Over the weekend, I was doing a lot of driving. Having a kid at camp near the New Hampshire border to pick him up will do that.
So, it was time for me to catch up on some podcasts I had downloaded but hadn’t yet listened to.
I had already finished S-Town (worthy of a listen) but one of the others that I had been meaning to catch up on was Malcolm Gladwell’s “Revisionist History”.
In these episodes, he revisits an item from history that is often overlooked.
The first two episodes I picked were the most recent ones (State v. Johnson, and Mr. Holloway Didn’t Like That) and were based, in part, on interviews with legendary attorney Vernon Jordan and concerned legal cases from the Civil Rights Era. Start there.
But the other one I listened too was from earlier in the season, called “Miss Buchanan’s Period of Adjustment”.
It too is riveting.
It tackles the landmark case of Brown v. Board of Education (the legendary school desegregation case) but from the perspective of the teachers who worked at the “colored-only” schools and who were subsequently laid off — allegedly for “performance” related reasons.
Even as a history major in college, I don’t remember hearing about this — how thousands upon thousands of black teachers lost their jobs when the schools that they taught at were closed. Different reasons were given — sometimes it was deemed to be too “difficult” for white students to be taught by black teachers.
But the effect was the same — a generation of teachers were lost to history.
That could be the end of a discrimination story, but Gladwell notes that the impact of this decision isn’t just that these teachers lost their jobs.
But rather, black students lost the opportunity to be taught by black teachers.
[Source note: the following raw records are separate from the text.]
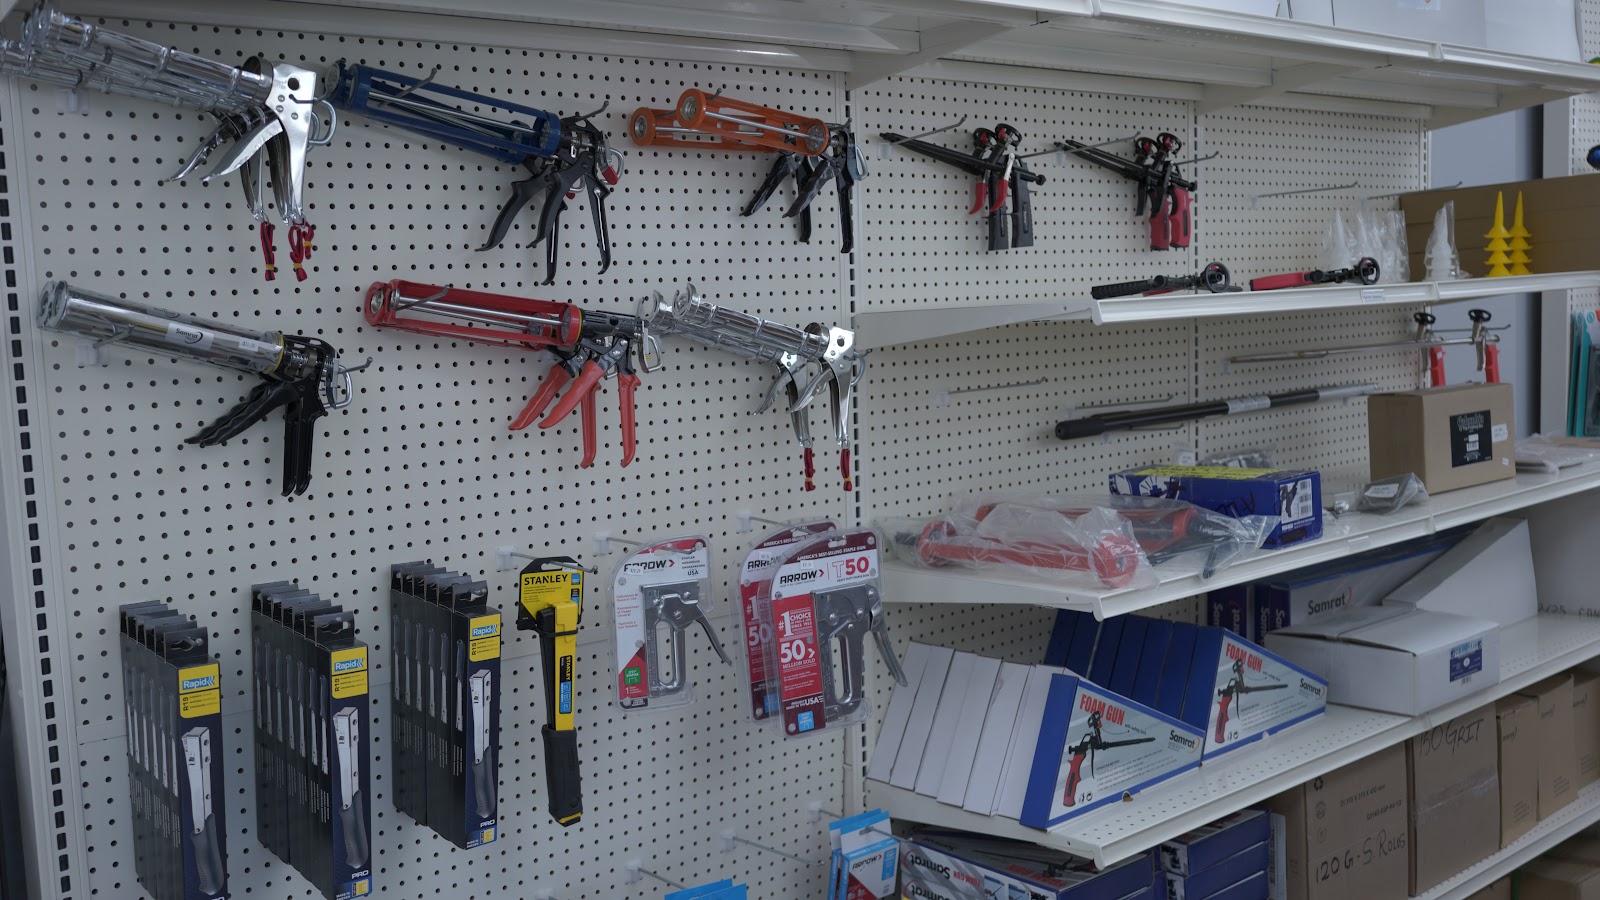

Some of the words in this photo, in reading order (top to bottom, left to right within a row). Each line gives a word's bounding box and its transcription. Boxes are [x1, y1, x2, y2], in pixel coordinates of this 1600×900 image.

[175, 327, 199, 340] Samrat
[797, 553, 818, 561] AMERICA'S
[818, 549, 843, 558] BEST-SELLING
[843, 546, 856, 554] STAPLE
[832, 556, 870, 578] T50
[524, 574, 568, 585] STANLEY
[780, 570, 818, 584] ARROW
[1308, 593, 1346, 616] Samrat
[778, 610, 794, 637] #1
[790, 611, 812, 621] CHOICE
[472, 625, 491, 636] Rapid
[748, 623, 771, 646] 50
[780, 639, 806, 663] 50
[1225, 642, 1248, 664] FOAM
[1247, 653, 1263, 672] GUN
[335, 660, 357, 670] Rapid
[782, 660, 803, 669] MILLION
[183, 677, 207, 689] Rapid
[1300, 678, 1321, 696] Samrat
[804, 697, 820, 706] USA
[1080, 693, 1107, 718] FOAM
[1106, 704, 1126, 726] GUN
[1169, 729, 1196, 749] Samrat
[1445, 718, 1485, 755] GRIT
[480, 819, 495, 828] PRO
[852, 856, 878, 870] ARROW
[910, 854, 951, 880] Samrat
[1315, 856, 1340, 883] 120
[351, 870, 369, 879] PRO
And empirical research has shown that for black students, having a black teacher can be pivotal in reducing drop-out rates and ensuring students’ success.
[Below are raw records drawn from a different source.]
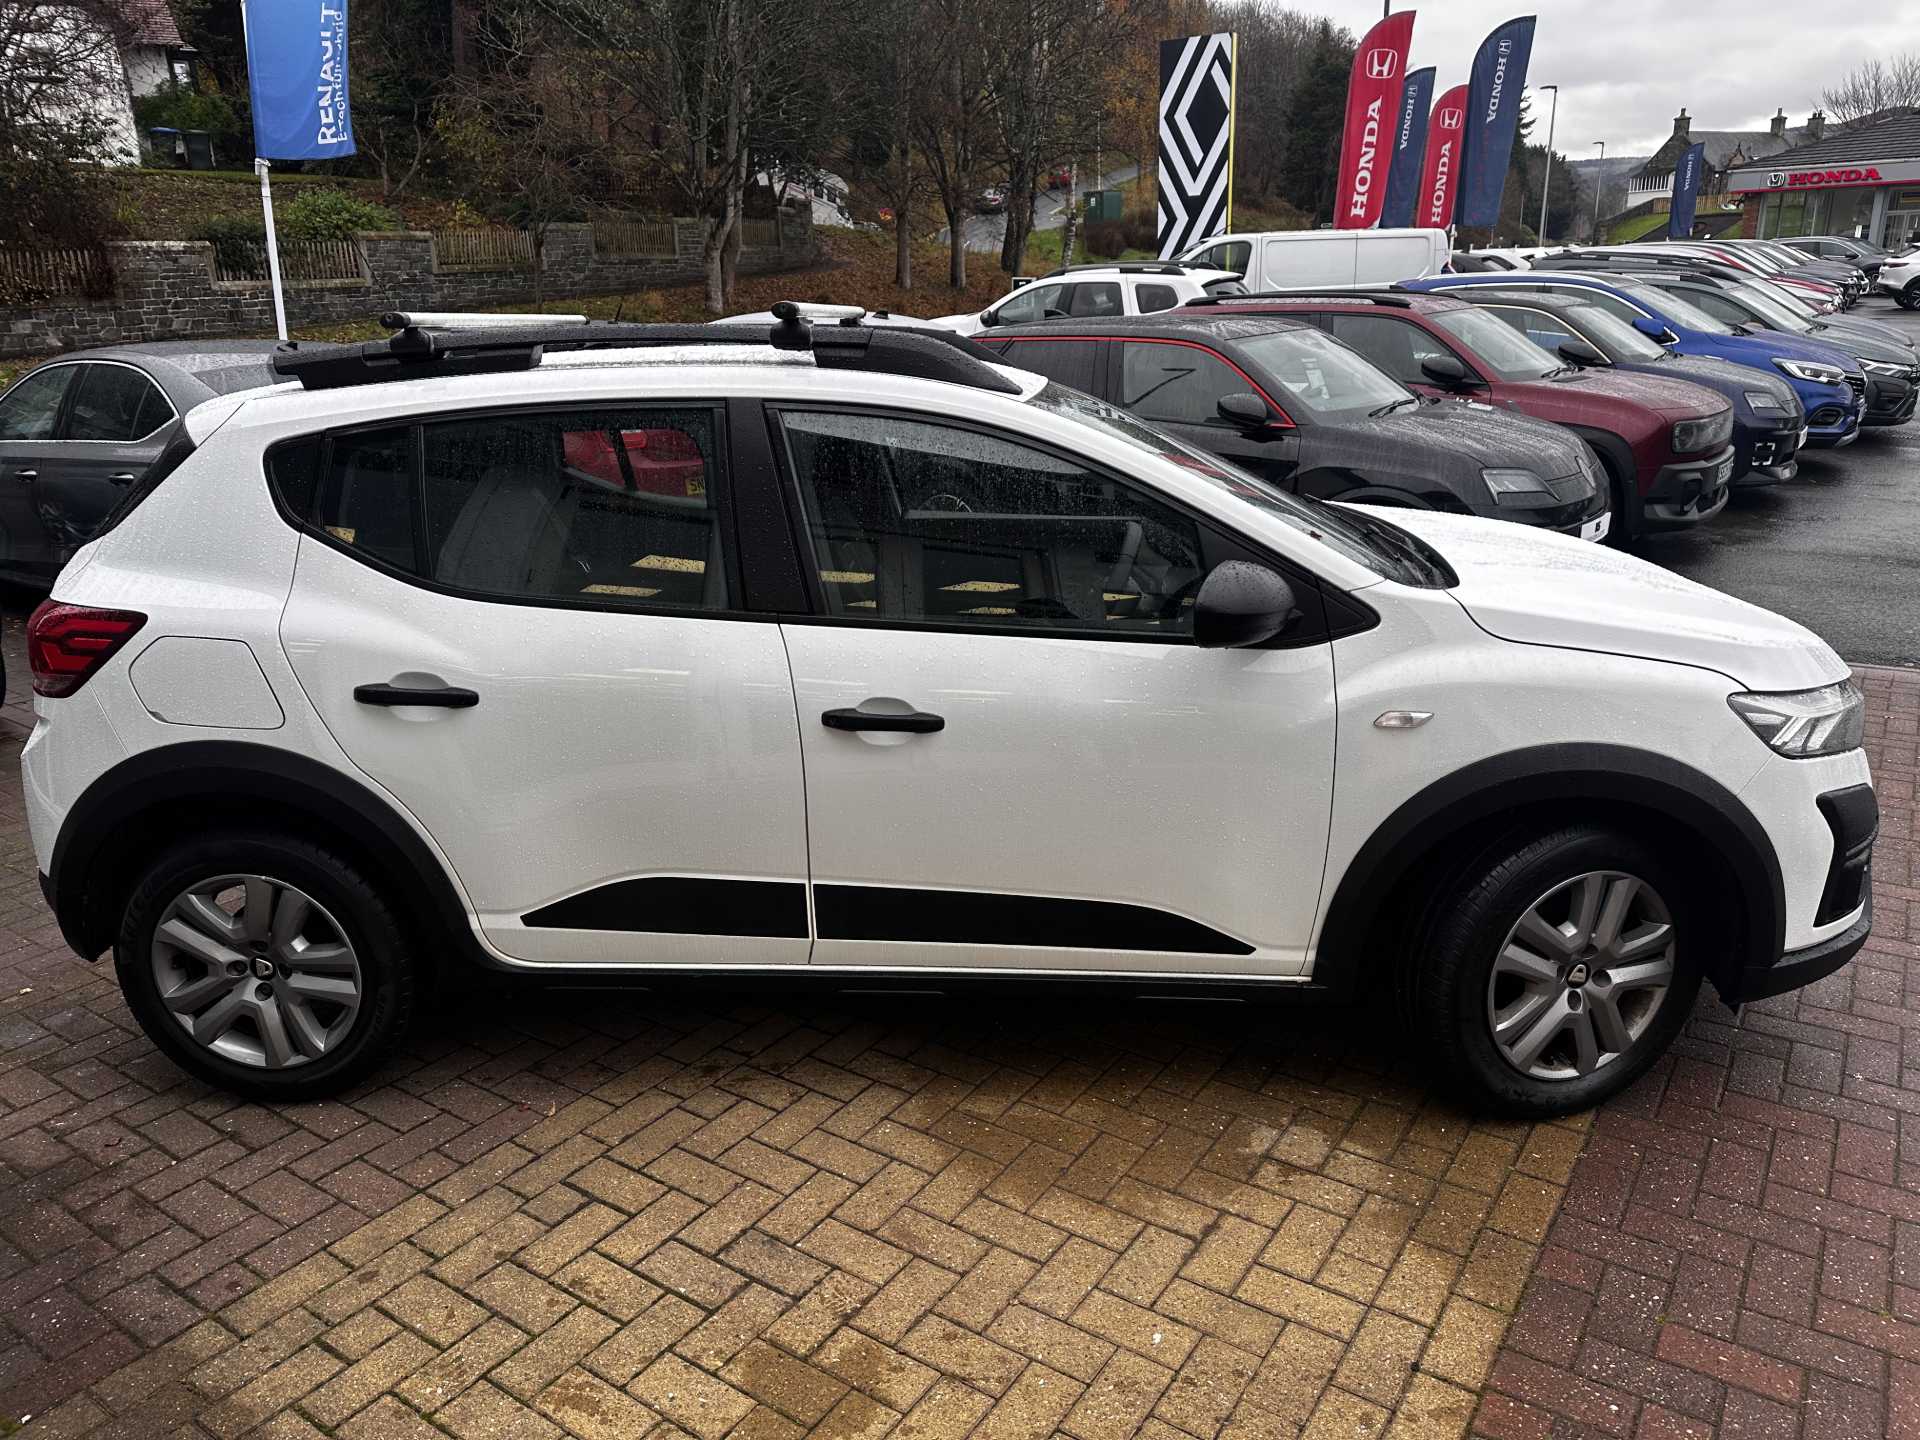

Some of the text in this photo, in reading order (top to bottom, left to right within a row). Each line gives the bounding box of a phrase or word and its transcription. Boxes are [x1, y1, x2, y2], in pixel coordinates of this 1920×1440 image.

[1400, 98, 1415, 150] HONDA
[1486, 56, 1507, 124] HONDA
[1351, 96, 1382, 218] HONDA
[1431, 140, 1453, 223] HONDA
[1787, 167, 1883, 186] HONDA
The impact of these decisions still resonates today.
Gladwell highlights a study from just last year that looked for explanations about the under-representation of students of color in gifted programs. Their conclusion?
Even after conditioning on test scores and other factors, Black students indeed are referred to gifted programs, particularly in reading, at significantly lower rates when taught by non-Black teachers, a concerning result given the relatively low incidence of assignment to own-race teachers among Black students.
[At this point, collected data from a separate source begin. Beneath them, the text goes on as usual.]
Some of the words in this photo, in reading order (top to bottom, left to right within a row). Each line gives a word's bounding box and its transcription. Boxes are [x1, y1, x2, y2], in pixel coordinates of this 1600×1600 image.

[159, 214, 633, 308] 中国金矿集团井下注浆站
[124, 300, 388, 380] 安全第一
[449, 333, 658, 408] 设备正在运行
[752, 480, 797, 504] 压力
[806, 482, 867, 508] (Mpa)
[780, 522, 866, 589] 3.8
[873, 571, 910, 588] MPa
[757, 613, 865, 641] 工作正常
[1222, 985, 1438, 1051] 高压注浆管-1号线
For schools that employ teachers (including many of our clients), the podcast is a good reminder that the employment decisions that are made have a big impact beyond just the teachers themselves. Students lives and their successes and failures depend, in part, on the teachers that they have in life.
For other employers, listening to this podcast is a reminder that our laws governing the workplace are not all that old. Our current laws are a reflection on what occurred in the recent past. Indeed, the major federal law — Title VII — wasn’t passed until 1964 — nearly a decade removed from the Brown decision.
We’ve made a lot of progress, thankfully, since then. But ensuring fairness and eliminating race discrimination are still items that should remain high up in a company’s “must-do” list.
If you’re looking for something different to listen to, give the podcast a listen. Gladwell may have his own agenda, but it’s thoughtful and entertaining. And it’s a good reminder that compliance with employment laws is about more than just doing the right thing.